UPDATED, 4:35 PM: Donald Trump’s Facebook and Instagram accounts have been reinstated, Meta said today. The news comes two weeks after the social media company said it was going to bring the former president back to the platforms and more than two years after he was suspended indefinitely.
As of this writing, Trump has not posted anything on either account for some time. Between the two of them he has about 60 million followers. The former president has been much more active on his own Truth Social.
The reinstatement comes as Twitter executives have been grilled on Capitol Hill in the first full blown House Oversight Committee hearing of the new GOP majority, which was focused on Hunter Biden, and the role that Twitter played in suppressing a bombshell New York Post story about the contents of a laptop purportedly owned by the president’s son.
Read more details below.
PREVIOUSLY, January 25: Meta said on Wednesday that it would reinstate the Facebook and Instagram accounts of former President Donald Trump, two years after he was suspended.

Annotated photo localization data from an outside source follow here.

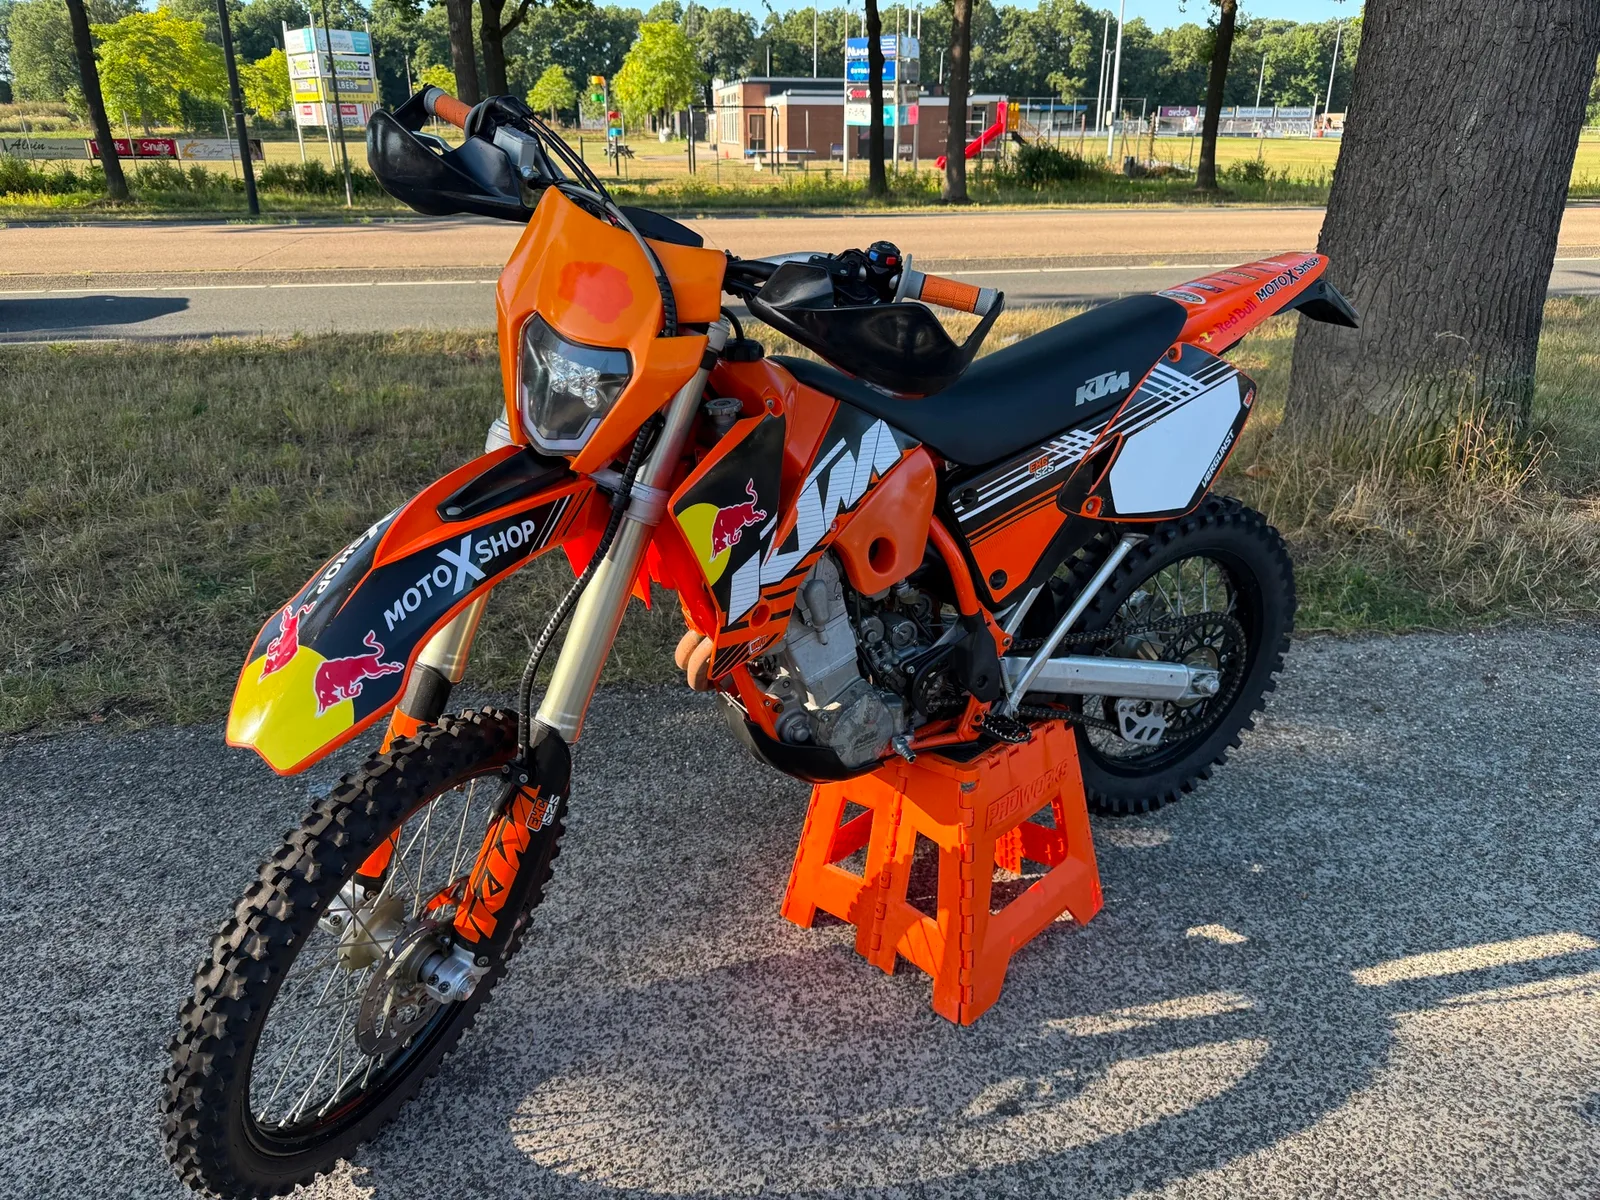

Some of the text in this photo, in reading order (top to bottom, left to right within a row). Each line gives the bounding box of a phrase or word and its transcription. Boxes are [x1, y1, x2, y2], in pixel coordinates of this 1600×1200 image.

[1216, 298, 1258, 335] Red Bull
[1075, 371, 1130, 407] KTM
[728, 418, 902, 626] KTM
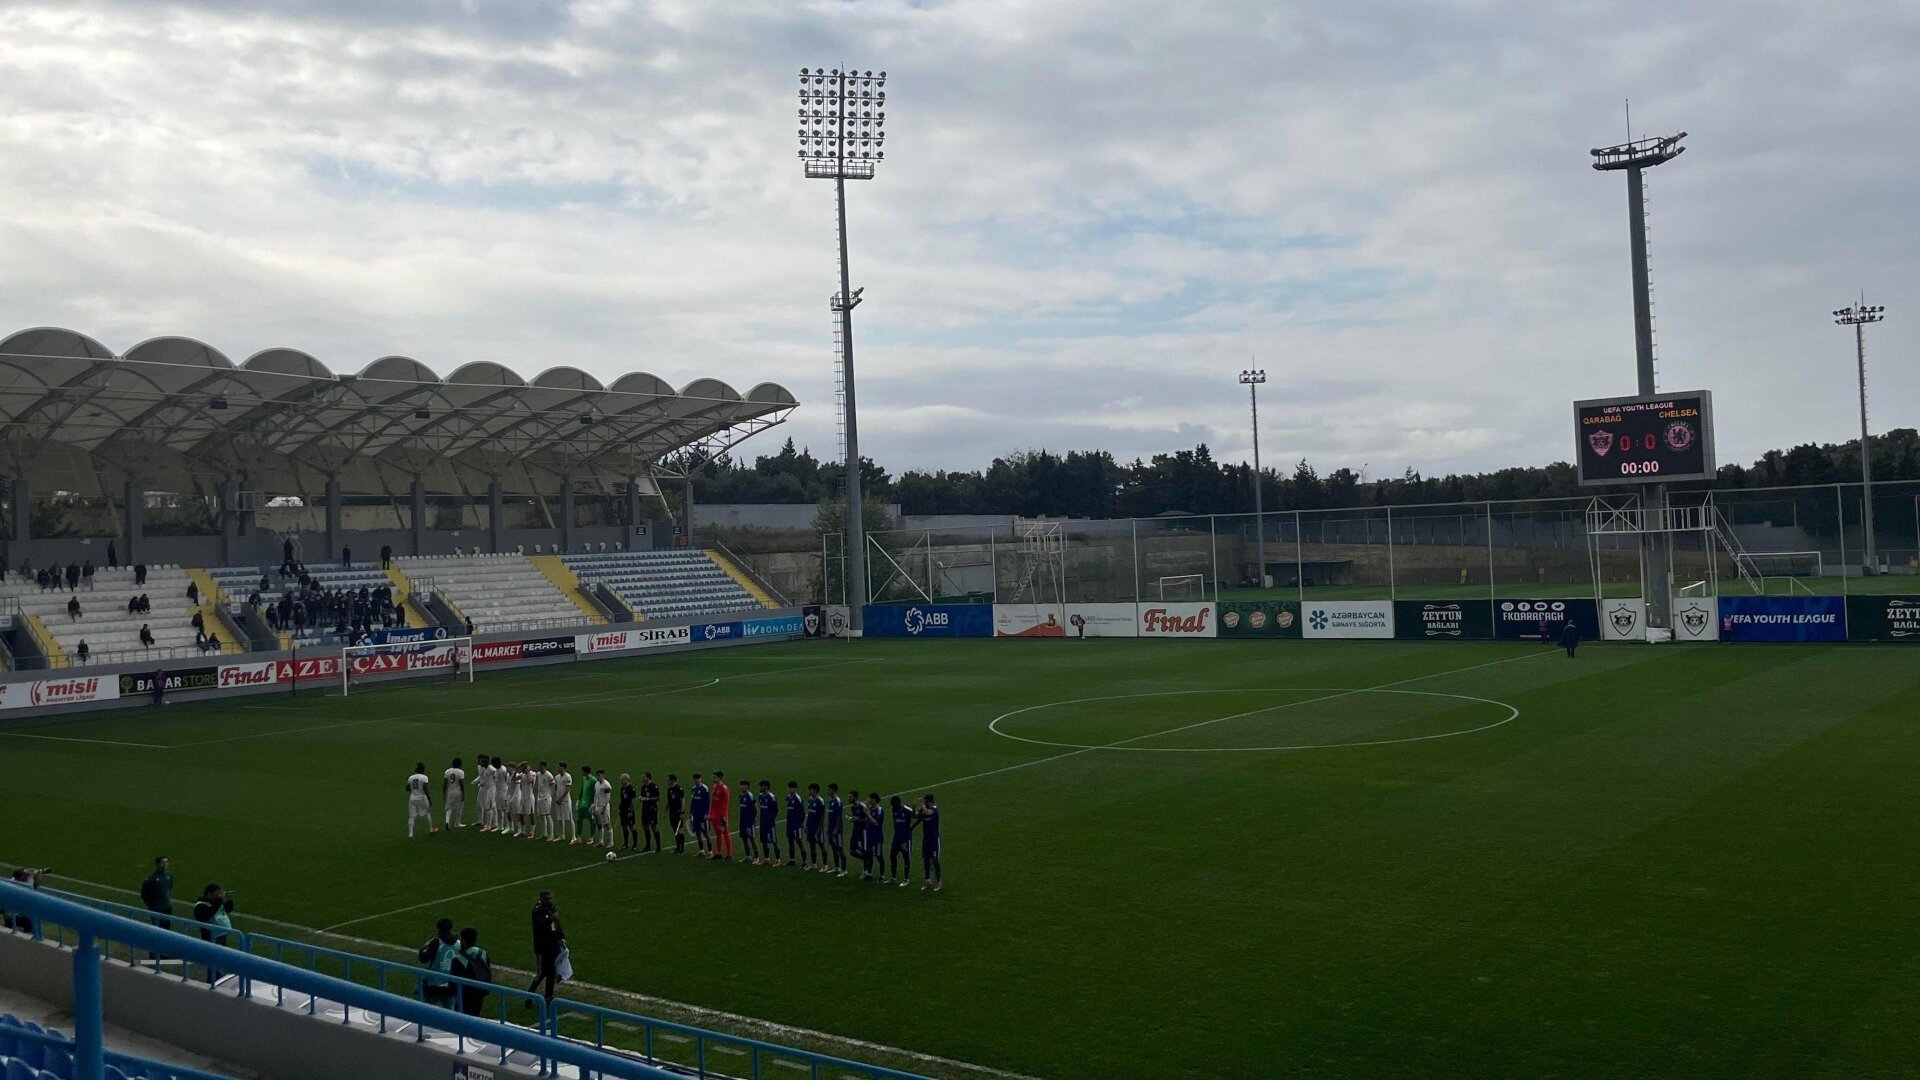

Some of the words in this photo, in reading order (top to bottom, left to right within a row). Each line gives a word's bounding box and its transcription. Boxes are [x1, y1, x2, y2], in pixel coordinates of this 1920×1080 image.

[1604, 406, 1621, 414] UEFA
[1622, 404, 1645, 413] YOUTH
[1646, 402, 1674, 410] LEAGUE
[1659, 408, 1698, 419] CHELSEA
[1619, 434, 1631, 452] 0
[1644, 433, 1657, 450] 0
[1621, 460, 1659, 475] 00:00
[925, 612, 949, 625] ABB
[1143, 607, 1210, 633] Final
[1422, 611, 1462, 621] ZEYTUN
[1753, 614, 1791, 624] YOUTH
[1793, 613, 1836, 624] LEAGUE
[717, 625, 731, 635] ABB
[760, 625, 785, 635] BONA
[523, 641, 557, 652] FERRO
[596, 632, 628, 647] misli
[484, 644, 522, 659] MARKET
[220, 663, 275, 687] Final
[46, 678, 99, 696] misli
[136, 673, 217, 692] BAARSTORE

The social media giant made clear that Trump would have to abide by the platforms’ rules.
“The normal state of affairs is that the public should be able to hear from a former President of the United States, and a declared candidate for that office again, on our platforms,” Nick Clegg, Meta’s president of global affairs, said in a blog post. “Now that the time period of the suspension has elapsed, the question is not whether we choose to reinstate Mr. Trump’s accounts, but whether there remain such extraordinary circumstances that extending the suspension beyond the original two-year period is justified.”
Trump was suspended from Facebook and Instagram following his praise for those involved in the January 6, 2021 attack on the Capitol. The Facebook Oversight Board upheld the decision, but was critical of the open-ended nature of the suspension. Meta then put a two-year timeline on the suspension, while further spelling out when public figures could have their accounts restricted during times of violence and civil unrest. Also established was a protocol to respond more quickly during a crisis.

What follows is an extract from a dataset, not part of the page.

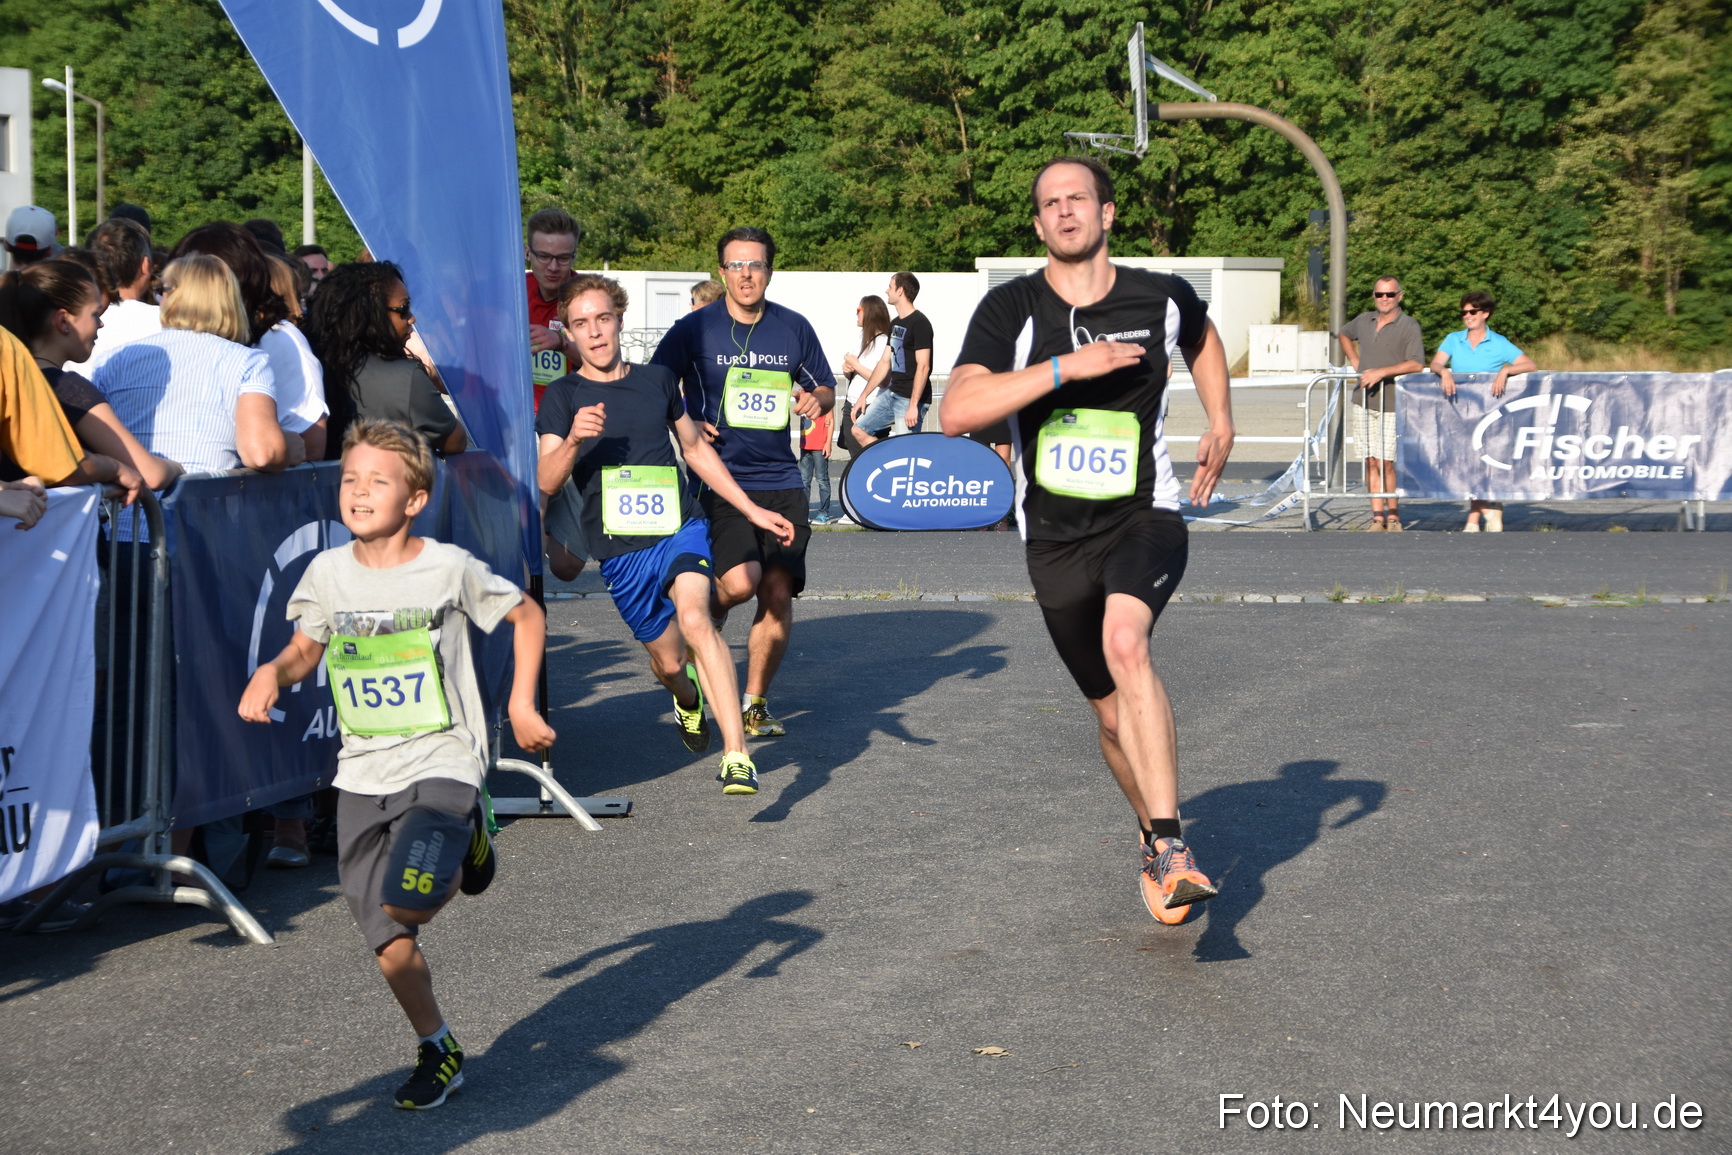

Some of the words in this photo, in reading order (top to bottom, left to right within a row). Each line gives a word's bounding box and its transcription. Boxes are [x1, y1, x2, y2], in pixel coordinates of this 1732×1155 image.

Clegg wrote that they evaluated the risk to public safety and the current security environment and determined that “the risk has sufficiently receded.”

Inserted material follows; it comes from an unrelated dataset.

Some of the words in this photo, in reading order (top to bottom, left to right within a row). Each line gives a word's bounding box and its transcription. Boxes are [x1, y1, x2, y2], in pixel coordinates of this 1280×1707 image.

“As such, we will be reinstating Mr. Trump’s Facebook and Instagram accounts in the coming weeks. However, we are doing so with new guardrails in place to deter repeat offenses,” Clegg wrote.
The Meta announcement follows Twitter’s decision to reinstate Trump’s account under new owner Elon Musk. Trump, though, has yet to tweet from the account, as he started his own social media platform, Truth Social. Axios first reported on the Facebook and Instagram reinstatements.
Clegg wrote that Trump faces heightened penalties for any offenses. “In the event that Mr. Trump posts further violating content, the content will be removed and he will be suspended for between one month and two years, depending on the severity of the violation,” he wrote. Trump also could have other restrictions for posting content that does not violate Facebook or Instagram’s community standards but “contributes to the sort of risk that materialized on January 6, such as content that delegitimizes an upcoming election or is related to QAnon.” Such sanctions could include limits on the distribution of posts or access to advertising tools.
“Many people believe that companies like Meta should remove much more content than we currently do,” Clegg wrote. “Others argue that our current policies already make us overbearing censors. The fact is people will always say all kinds of things on the internet. We default to letting people speak, even when what they have to say is distasteful or factually wrong.”
Trump often has been posting several times a day on Truth Social, but it has not gotten nearly the reach of major platforms. He has not shown any sign of backing away from his wild rhetoric, as uses a racist term to describe Elaine Chao, his former secretary of transportation, and continues to post unfounded claims that the 2020 election was rigged.
He posted on Truth Social about the Facebook decision. “FACEBOOK, which has lost Billions of Dollars in value since ‘deplatforming’ your favorite President, me, has just announced that they are reinstating my account,” he wrote. “Such a thing should never again happen to a sitting President, or anybody else who is not deserving of retribution! THANK YOU TO TRUTH SOCIAL FOR DOING SUCH AN INCREDIBLE JOB. YOUR GROWTH IS OUTSTANDING, AND FUTURE UNLIMITED!!!”
Trump’s agreement with Truth Social is that he is “generally obligated” to post there and may not repost on another social media site for six hours. But he may post from any social media site at any time if the content is related to “political messaging, political fundraising or get-out-the-vote efforts,” according to a filing last year with the SEC.
The Meta Oversight Board did not have a role in the decision, the board said in a blog post. While noting that the company has made “significant progress on implementing necessary and proportionate penalties across a range of violation severities,” it also called for the company provide additional details on its updated policies and to be transparent about how it determines if allowed content still poses “a risk of offline harm.”